Chronique de Kamel Daoud
Les élites du Sud peuvent-elles sortir du postcolonial ? La question m'obsède, me partage aussi. La colonisation a été une réalité, une blessure, et elle devient une cicatrice, mais sur un corps insensible au présent. Souvenirs de dialogues croisés à la Foire du livre de Francfort. Brillant, le verbe haut et élégant, Patrick Chamoiseau y développe une vision déstabilisante sur le futur du monde, le devoir d'accueil et le partage. Pluriversalité au lieu d'universalité. Depuis des années, ce rituel de la critique de la raison occidentale m'agace. J'y décèle une lucidité biaisée sur soi aussi, même si cela reste un grand devoir de mémoire. L'Occident n'est ni juste ni injuste à mes yeux. Du coup, le discours sur la demande d'excuses, de repentance ou la critique radicale ne suffisent pas.
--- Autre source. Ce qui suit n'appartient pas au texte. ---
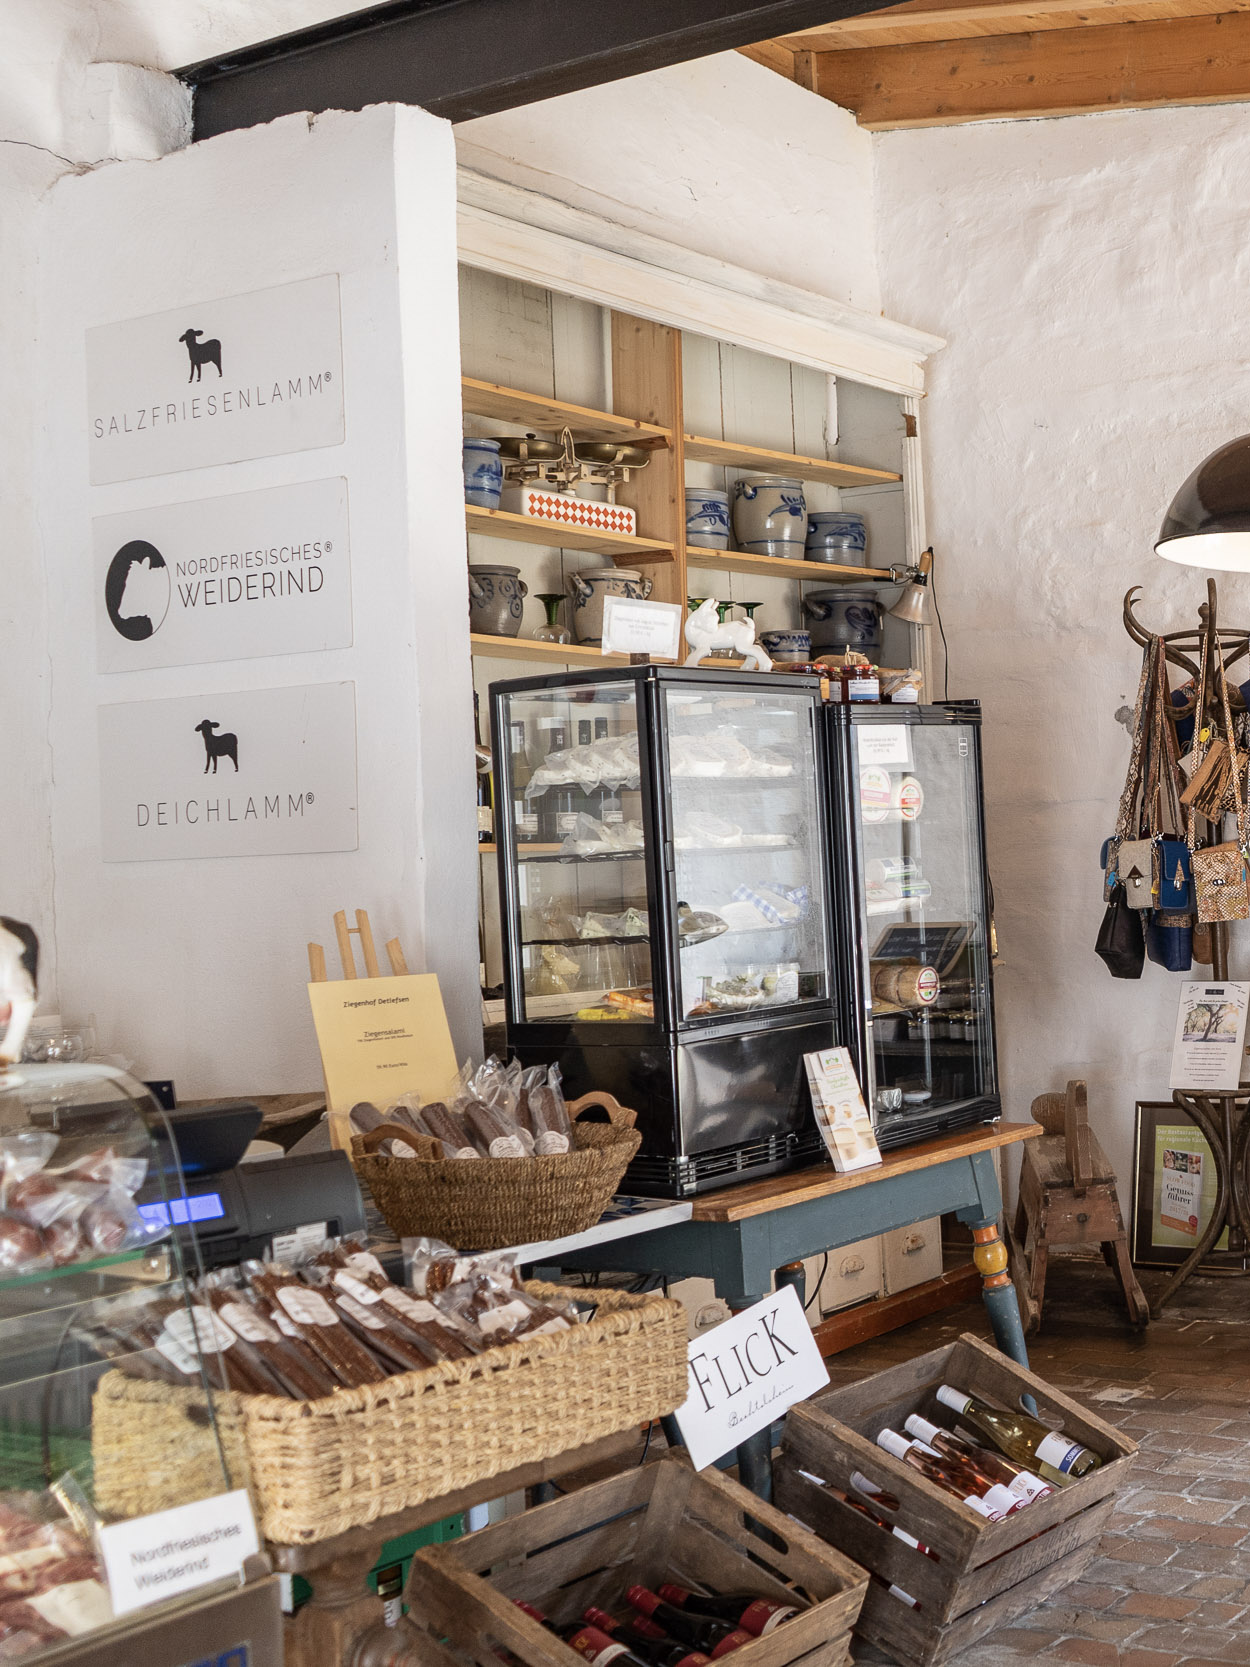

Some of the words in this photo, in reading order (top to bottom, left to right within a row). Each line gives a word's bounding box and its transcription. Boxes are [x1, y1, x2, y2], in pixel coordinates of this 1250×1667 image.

À vrai dire, cela m'importe peu. Ce que je veux, c'est une critique de la raison de tous : au Sud comme au Nord. La migration ? Je ne fais pas le procès de l'accueil, mais celui des raisons de départ et des fuites, des exils. Ce n'est pas : pourquoi je suis mal accueilli, mais aussi : pourquoi je pars, je quitte ?

La conscience postcoloniale a fini par développer des cloisonnements de confort, des narcissismes de victime. On ne peut pas tout dire au Sud, à cause de cette orthodoxie du « tout-colon » comme explication définitive. Et notre responsabilité ? Elle dépend d'une vision, encore difficile, du présent, de l'immédiat. Un ami a appelé ça l'« impossibilité de sortir de l'Histoire » dans nos pays. Ce cloisonnement se retrouve aussi dans les familles politiques de gauche théoricienne, presque radicale dans les milieux universitaires américains, diffus et sourcilleux, populiste, en Europe. Cela permet de parler du racisme de l'Occident, mais pas des déportations massives de Subsahariens en Algérie ou dans d'autres pays dits « arabes ». On traitera comme atteinte aux droits de l'homme la Méditerranée devenue un mur, mais on s'accommode du mur de séparation érigé entre l'Algérie et le Maroc. On peut parler de la blessure coloniale, mais pas de la responsabilité dans les échecs de nos indépendances, nos asservissements aux castes des décolonisateurs devenus prédateurs. On parlera du devoir d'accueil du migrant en Occident, mais on ne fait pas, avec le même tintamarre, le procès de l'Arabie saoudite ou des monarchies du Golfe, qui accueillent si peu et qui le peuvent tant. On ne parle pas des racismes locaux, horizontaux, entre soi, envers les siens. La conscience postcoloniale est le jeu d'un miroir éclaté où l'on ne voit que le passé, pas ses propres reflets impuissants.